(Dataset extract)

--- START ---

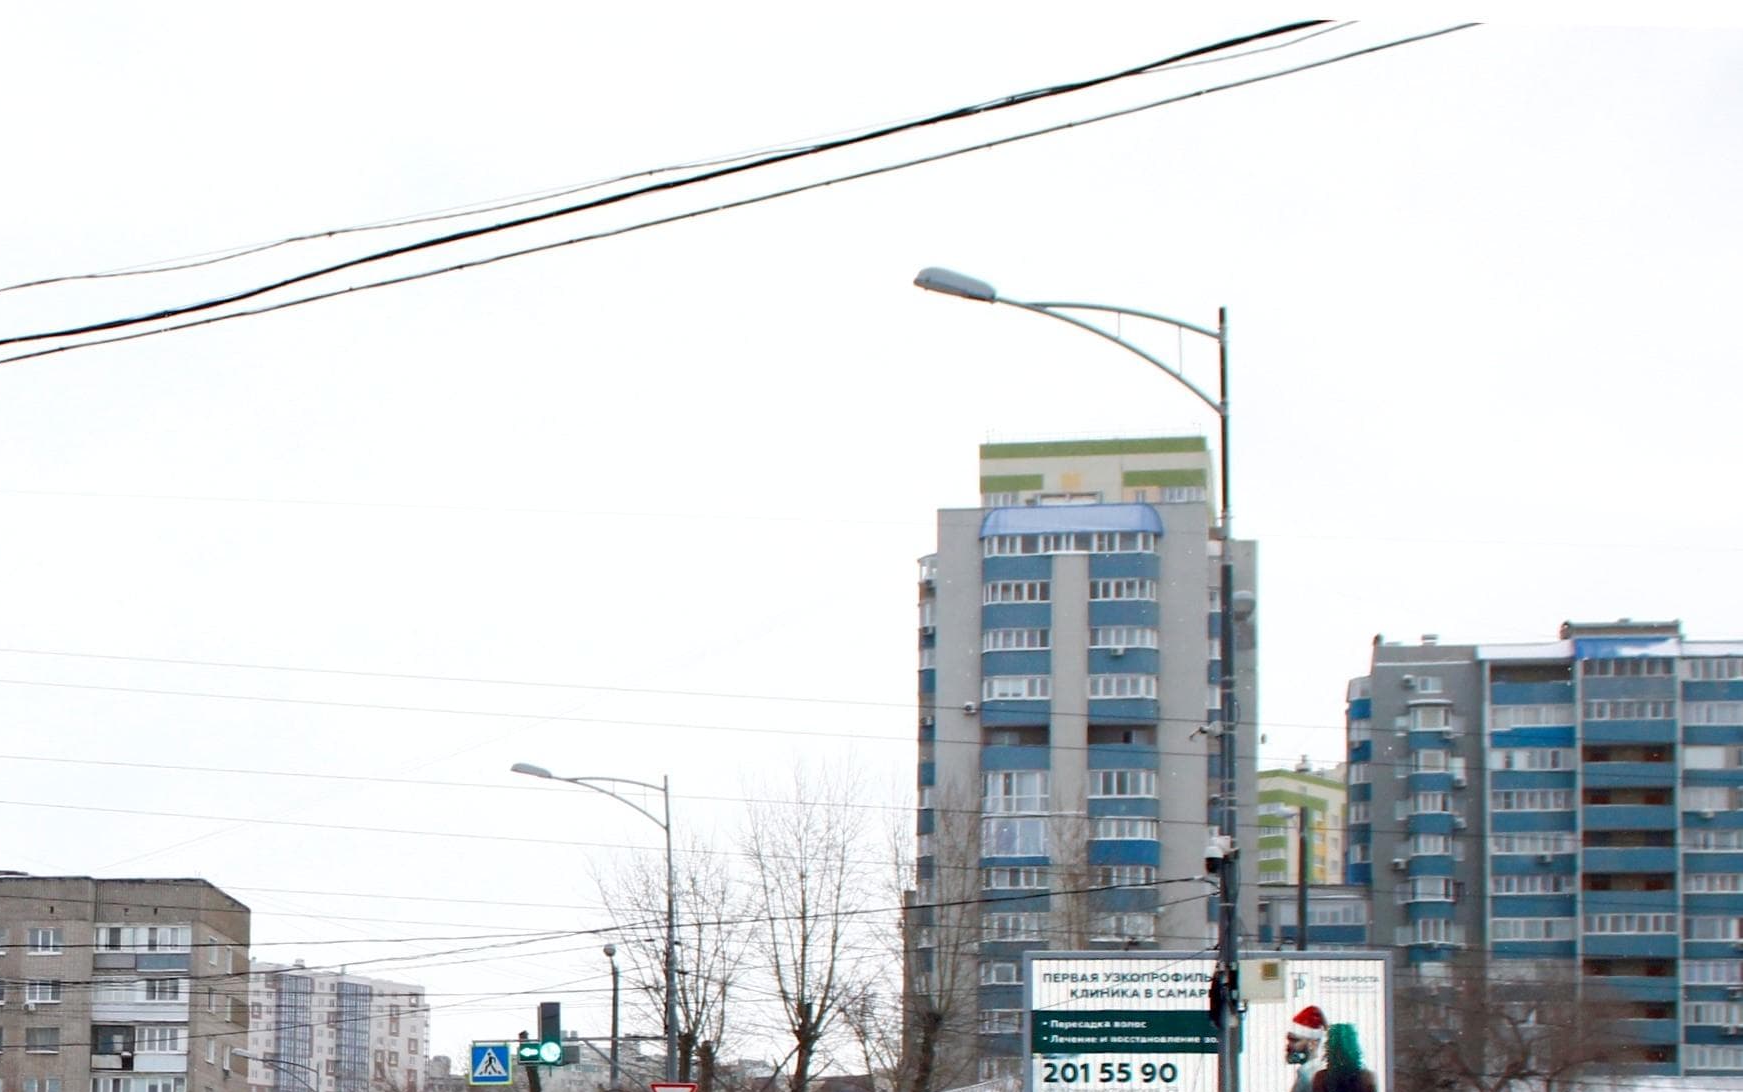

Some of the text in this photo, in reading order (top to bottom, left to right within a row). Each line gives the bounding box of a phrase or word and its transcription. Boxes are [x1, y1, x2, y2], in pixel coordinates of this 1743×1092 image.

[1042, 972, 1214, 983] ПЕРВАЯ УЗКОПРОФИЛЬ
[1070, 988, 1211, 999] КЛИНИКА В САМАР
[1050, 1019, 1147, 1029] Пересадка волос
[1049, 1035, 1098, 1044] Лечение
[1110, 1036, 1201, 1044] восстановление
[1043, 1062, 1177, 1083] 201 55 90

--- END ---

(The task) Print the records exactly and omit all pictures.

(Task response)
Some of the text in this photo, in reading order (top to bottom, left to right within a row). Each line gives the bounding box of a phrase or word and its transcription. Boxes are [x1, y1, x2, y2], in pixel coordinates of this 1743×1092 image.

[1042, 972, 1214, 983] ПЕРВАЯ УЗКОПРОФИЛЬ
[1070, 988, 1211, 999] КЛИНИКА В САМАР
[1050, 1019, 1147, 1029] Пересадка волос
[1049, 1035, 1098, 1044] Лечение
[1110, 1036, 1201, 1044] восстановление
[1043, 1062, 1177, 1083] 201 55 90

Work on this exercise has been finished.